Seconde observation : la France est désormais divisée en trois blocs sensiblement identiques, tout au moins en apparence. Celui des centristes et Macronistes, celui de la gauche et des islamo-gauchistes et celui du camp national.

la france divisée en trois blocs

Le bloc central de Macron ne peut espérer une majorité absolue à l’Assemblée que si les 61 élus Républicains viennent s’adjoindre au vote des 245 députés macronistes d’Ensemble. Même en supposant qu’une partie des Républicains puissent se laisser compromettre par de basses manœuvres diligentées par la majorité relative, la Macronie ne parviendrait pas à atteindre les 288 voix des députés nécessaires. Le compromis oui, la compromission non, tel est le credo de Christian Jacob qui se prononcera « au cas par cas ». Mais dans tous les cas l’addition sera salée…

Les Républicains, dont on avait prédit le décès lors des présidentielles à cause d’une erreur de casting (Pécresse), se sont requinqués et peuvent devenir le parti charnière de l’Assemblée, celui qui fera et défera à sa guise les majorités. On a trop glosé sur « l’exemple » marseillais qui a vu des ténors de la droite et de la gauche faire allégeance à la macronie pour être certains de profiter des subventions de l’Etat. C’était une illusion d’optique, un trompe-l’œil. Les Républicains ne sont ni des supplétifs, ni des tordus qui claudiquent d’un pied sur l’autre au gré de leurs humeurs politiques. Il faudra désormais (re)compter avec eux.
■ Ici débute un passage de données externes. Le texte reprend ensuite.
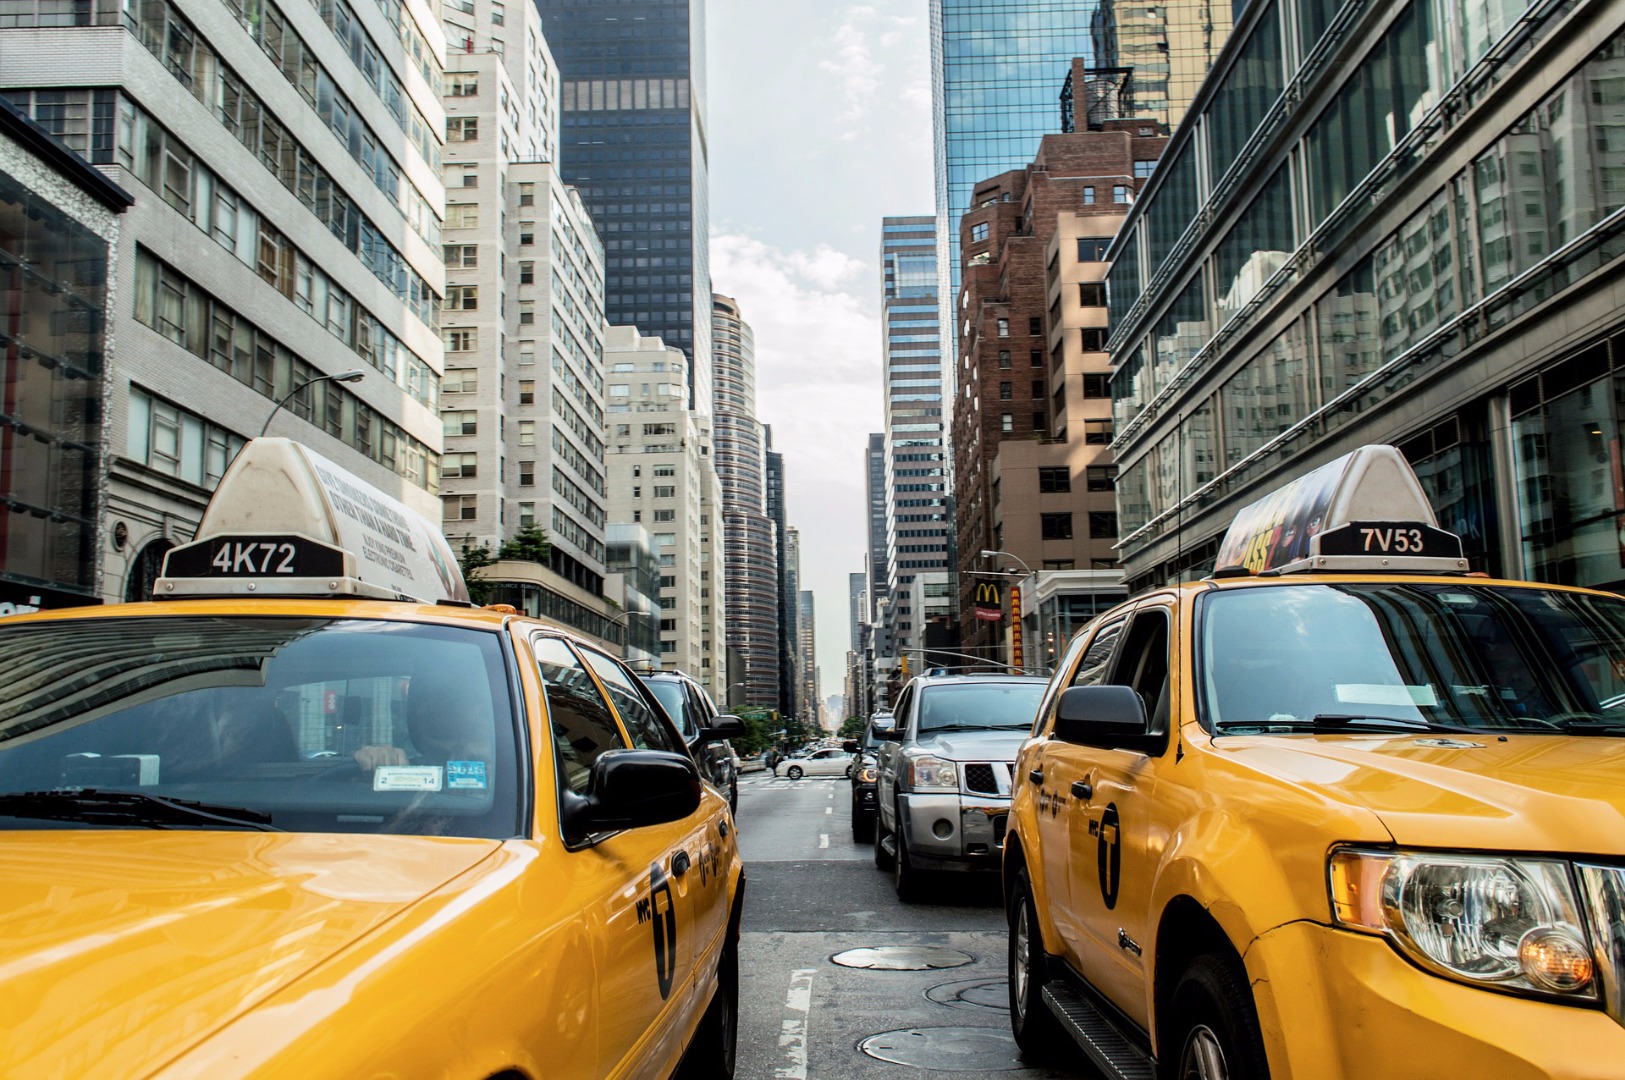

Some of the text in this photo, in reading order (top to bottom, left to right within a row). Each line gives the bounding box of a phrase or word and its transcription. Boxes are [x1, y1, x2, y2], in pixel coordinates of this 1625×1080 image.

[329, 490, 359, 521] OTHER
[354, 504, 377, 531] THAN
[378, 518, 400, 544] HARD
[1360, 528, 1423, 552] 7V53
[213, 542, 296, 573] 4K72
[635, 897, 652, 925] NYC
lr peut devenir le parti charnière de l’assemblée

Ces résultats des législatives ne sont qu’une confirmation du premier tour de la présidentielle et le constat d’un président largement minoritaire dans le pays, même s’il a bénéficié des voix issues de la détestation de Marine Le Pen pour être largement élu au second tour.

Le problème de Macron, c’est qu’il a désormais les mains liées. Il est corseté sur sa gauche par le clan électoral des Mélenchonistes qui ne vont pas tarder à se diviser en quatre camps hostiles parce qu’ils n’ont pas les mêmes visions de la société et sur sa droite par le camp national et les Républicains. La vérité, c’est qu’Emmanuel Macron devient un président minoritaire et impuissant. Il paie probablement son arrogance et la surévaluation qu’il a de lui-même.

un président minoritaire et impuissant

Mais si l’on veut bien regarder les chiffres de près, on s’aperçoit que les « coalitions » de gauche et du « centre » masquent un grand nombre de supercheries soigneusement dissimulées au public. En effet, le vrai score « intra-muros » des amis du président est de 170 élus, auquel ont peut ajouter les 48 élus du Modem et les 27 d’Horizons d’Edouard Philippe sur les 55 présentés. Un score effectivement très en dessous de celui espéré par les Macronistes.

Même constat pour les Mélenchonistes : leur pacte électoral ne survivra pas à leurs dissensions idéologiques. Le score réel des Insoumis ou prétendus tels est de 70 députés, les socialistes engrangent 26 députés malgré le naufrage d’Hidalgo, les Verts totalisent 23 élus et le parti communiste 12 élus. Pas de quoi pavoiser pour Mélenchon, le gueulard des Batignolles. Seul le rassemblement de Marine Le Pen a réalisé une percée historique en décuplant ses effectifs à l’Assemblée.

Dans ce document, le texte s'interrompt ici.